Okay, I think I’ve got something that works and I’m happy with. 

https://github.com/astronomer/airflow/tree/shared-vendored-lib-tasksdk-and-core

This produces the following from `uv build task-sdk`
- 
https://github.com/user-attachments/files/21058976/apache_airflow_task_sdk-1.1.0.tar.gz
- 
https://github.com/user-attachments/files/21058996/apache_airflow_task_sdk-1.1.0-py3-none-any.whl.zip

(`.whl.zip` as GH won't allow .whl upload, but will .zip)

```
❯ unzip -l dist/apache_airflow_task_sdk-1.1.0-py3-none-any.whl.zip | grep 
_vendor
       50  02-02-2020 00:00   airflow/sdk/_vendor/.gitignore
     2082  02-02-2020 00:00   airflow/sdk/_vendor/__init__.py
       28  02-02-2020 00:00   airflow/sdk/_vendor/airflow_common.pyi
       18  02-02-2020 00:00   airflow/sdk/_vendor/vendor.txt
      785  02-02-2020 00:00   airflow/sdk/_vendor/airflow_common/__init__.py
    10628  02-02-2020 00:00   airflow/sdk/_vendor/airflow_common/timezone.py
```

And similarly in the .tar.gz, so our “sdist” is complete too:
```
❯ tar -tzf dist/apache_airflow_task_sdk-1.1.0.tar.gz |grep _vendor
apache_airflow_task_sdk-1.1.0/src/airflow/sdk/_vendor/.gitignore
apache_airflow_task_sdk-1.1.0/src/airflow/sdk/_vendor/__init__.py
apache_airflow_task_sdk-1.1.0/src/airflow/sdk/_vendor/airflow_common.pyi
apache_airflow_task_sdk-1.1.0/src/airflow/sdk/_vendor/vendor.txt
apache_airflow_task_sdk-1.1.0/src/airflow/sdk/_vendor/airflow_common/__init__.py
apache_airflow_task_sdk-1.1.0/src/airflow/sdk/_vendor/airflow_common/timezone.py
```

The plugin works at build time by including/copying the libs specified in 
vendor.txt into place (and let `vendoring` take care of import rewrites.)

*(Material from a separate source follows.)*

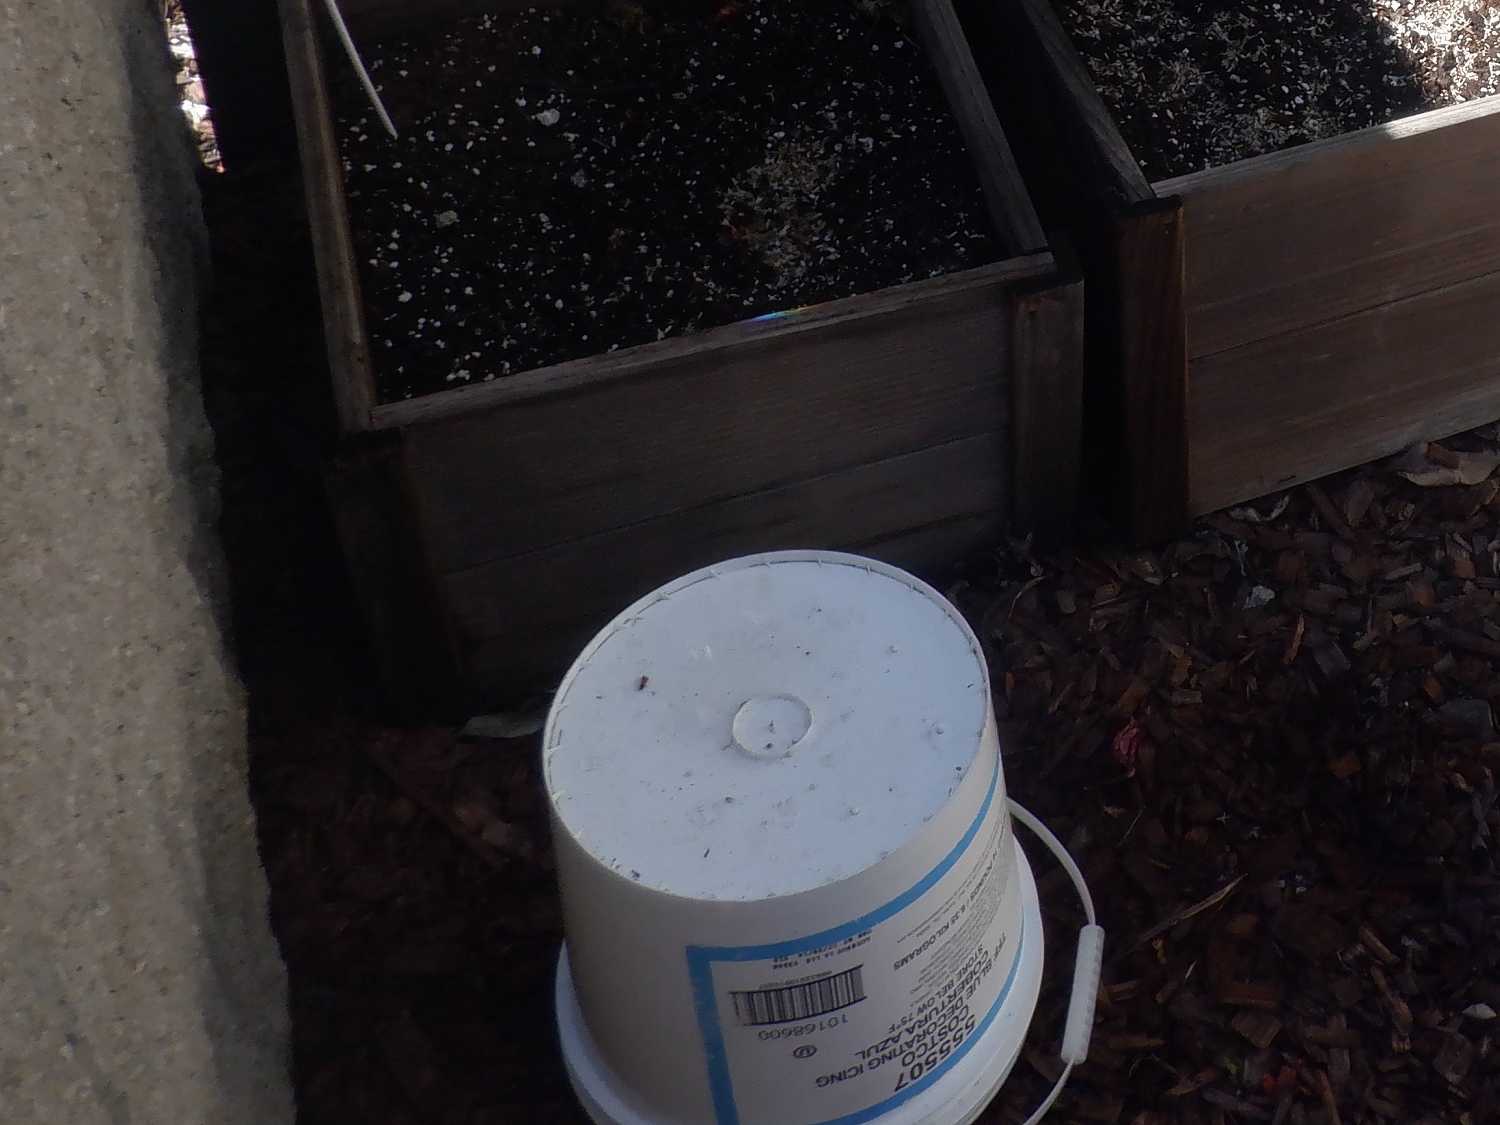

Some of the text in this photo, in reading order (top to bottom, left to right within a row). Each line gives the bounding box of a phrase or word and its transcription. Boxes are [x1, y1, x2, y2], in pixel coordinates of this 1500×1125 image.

For the imports to continue to work at “dev” time/from a repo checkout, I have 
added a import finder to `sys.meta_path`, and since it’s at the end of the list 
it will only be used if the normal import can’t find things.

https://github.com/astronomer/airflow/blob/996817782be6071b306a87af9f36fe1cf2d3aaa3/task-sdk/src/airflow/sdk/_vendor/__init__.py
 

This doesn’t quite give us the same runtime effect “import rewriting” affect, 
as in this approach `airflow_common` is directly loaded (i.e. 
airflow.sdk._vendor.airflow_common and airflow_common exist in sys.modules), 
but it does work for everything that I was able to test..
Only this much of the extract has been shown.